THE PROBLEM —
Skip the images; return every entry exactly.

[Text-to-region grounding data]
%%

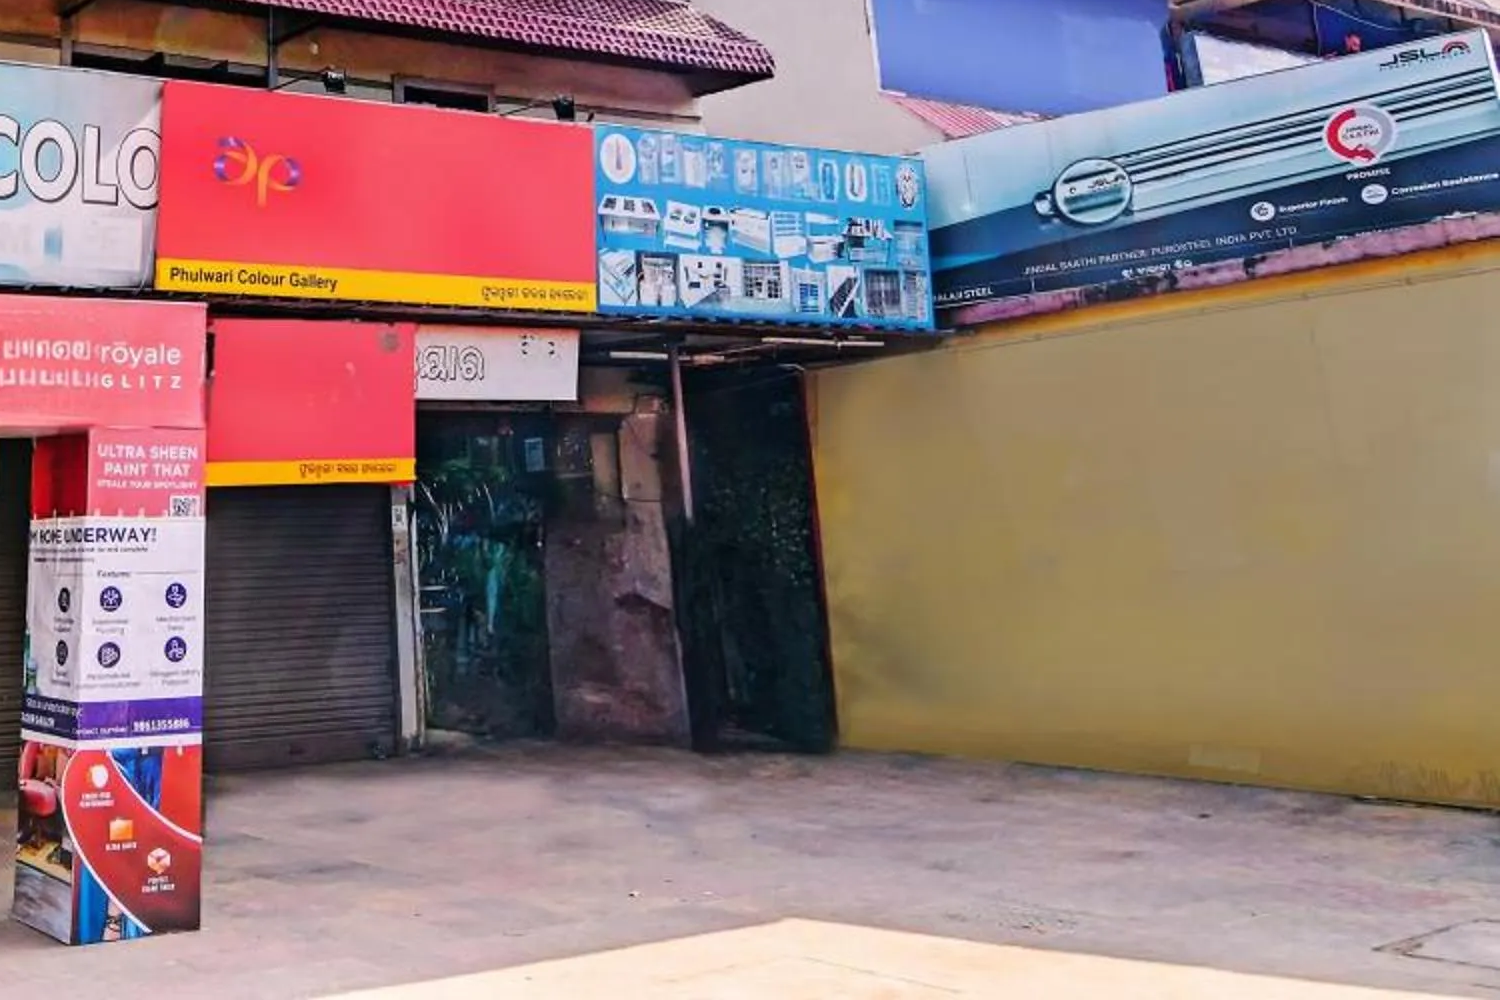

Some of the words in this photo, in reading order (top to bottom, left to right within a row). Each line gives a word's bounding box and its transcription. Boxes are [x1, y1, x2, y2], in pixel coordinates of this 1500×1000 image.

[1215, 234, 1248, 246] INDIA
[170, 267, 233, 284] Phulwari
[237, 269, 285, 286] Colour
[289, 273, 338, 293] Gallery
[101, 374, 181, 389] GLITZ
[97, 444, 146, 459] ULTRA
[150, 445, 198, 460] SHEEN
[104, 462, 147, 476] PAINT
[152, 463, 191, 477] THAT

%%

RESULT OF THIS TASK —
Some of the words in this photo, in reading order (top to bottom, left to right within a row). Each line gives a word's bounding box and its transcription. Boxes are [x1, y1, x2, y2], in pixel coordinates of this 1500×1000 image.

[1215, 234, 1248, 246] INDIA
[170, 267, 233, 284] Phulwari
[237, 269, 285, 286] Colour
[289, 273, 338, 293] Gallery
[101, 374, 181, 389] GLITZ
[97, 444, 146, 459] ULTRA
[150, 445, 198, 460] SHEEN
[104, 462, 147, 476] PAINT
[152, 463, 191, 477] THAT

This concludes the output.